▶ WHAT YOU SHOULD DO:
Return the listing below unchanged, minus its pictures.

▶ DATA PROVIDED:
○ ○ ○ ○ ○ ○ ○
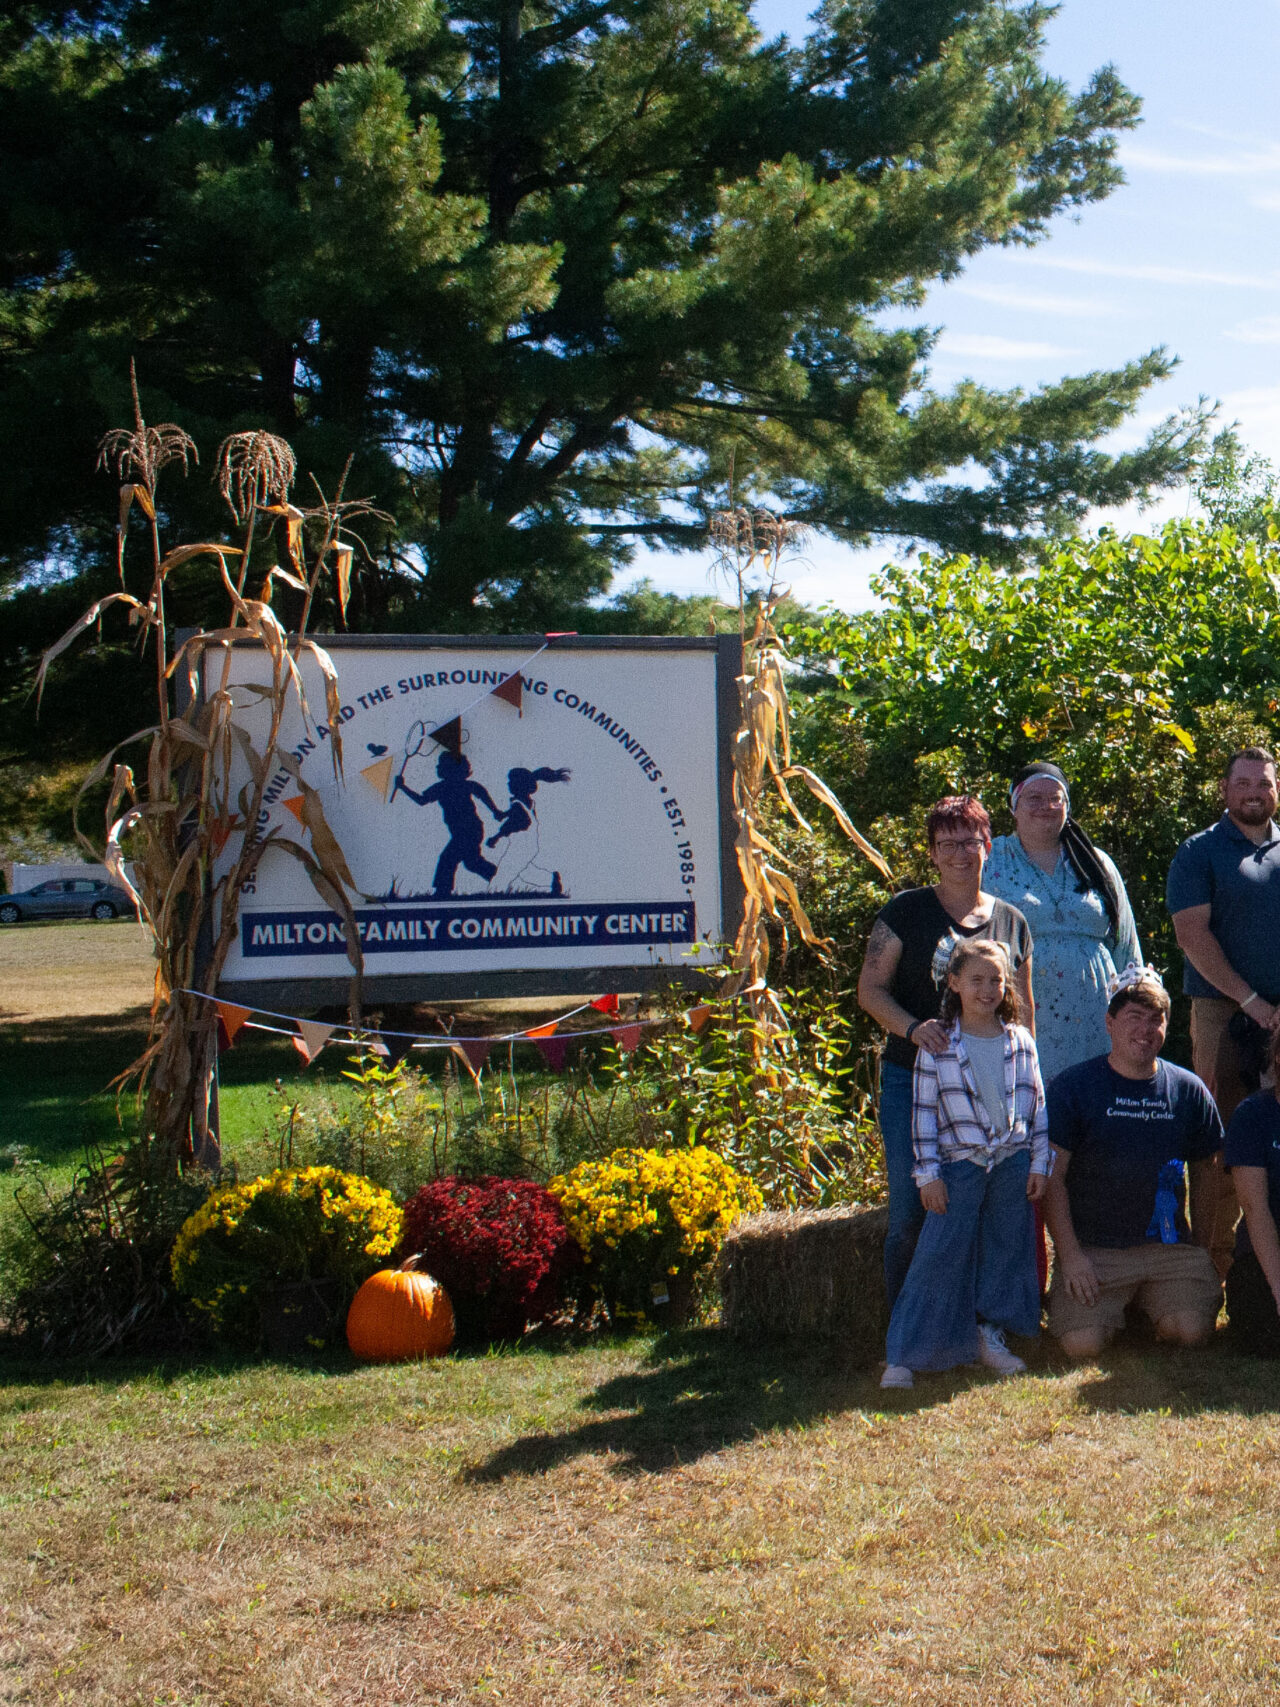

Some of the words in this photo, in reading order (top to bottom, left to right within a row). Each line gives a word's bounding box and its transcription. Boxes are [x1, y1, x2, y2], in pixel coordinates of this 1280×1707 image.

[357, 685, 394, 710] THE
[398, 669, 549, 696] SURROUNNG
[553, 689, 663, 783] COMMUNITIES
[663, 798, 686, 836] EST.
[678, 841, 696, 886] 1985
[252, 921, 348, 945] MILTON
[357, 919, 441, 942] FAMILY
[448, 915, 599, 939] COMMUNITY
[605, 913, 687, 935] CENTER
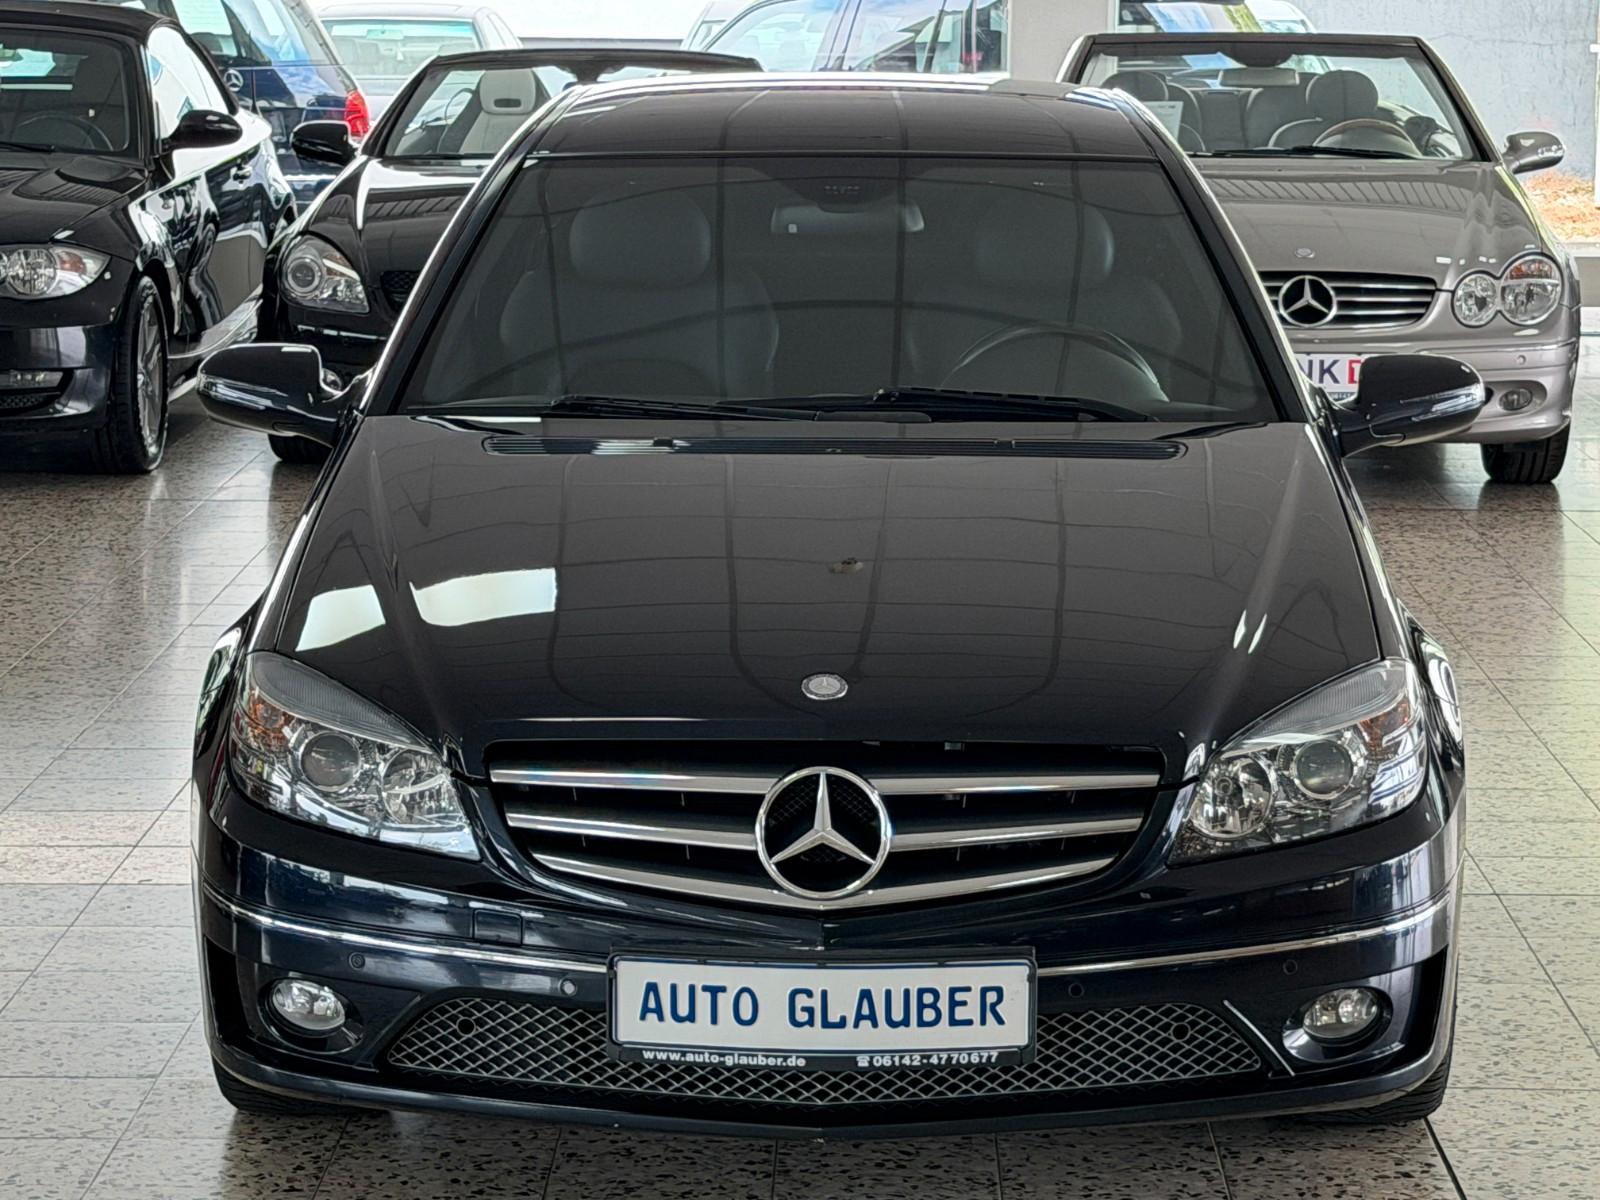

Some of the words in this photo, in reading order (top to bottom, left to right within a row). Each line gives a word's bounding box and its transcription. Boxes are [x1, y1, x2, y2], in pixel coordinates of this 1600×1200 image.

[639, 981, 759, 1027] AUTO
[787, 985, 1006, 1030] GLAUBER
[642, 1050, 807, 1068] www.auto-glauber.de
○ ○ ○ ○ ○ ○ ○
▶ FINISHED TASK:
Some of the words in this photo, in reading order (top to bottom, left to right within a row). Each line gives a word's bounding box and its transcription. Boxes are [x1, y1, x2, y2], in pixel coordinates of this 1280×1707 image.

[357, 685, 394, 710] THE
[398, 669, 549, 696] SURROUNNG
[553, 689, 663, 783] COMMUNITIES
[663, 798, 686, 836] EST.
[678, 841, 696, 886] 1985
[252, 921, 348, 945] MILTON
[357, 919, 441, 942] FAMILY
[448, 915, 599, 939] COMMUNITY
[605, 913, 687, 935] CENTER

Some of the words in this photo, in reading order (top to bottom, left to right within a row). Each line gives a word's bounding box and its transcription. Boxes are [x1, y1, x2, y2], in pixel coordinates of this 1600×1200 image.

[639, 981, 759, 1027] AUTO
[787, 985, 1006, 1030] GLAUBER
[642, 1050, 807, 1068] www.auto-glauber.de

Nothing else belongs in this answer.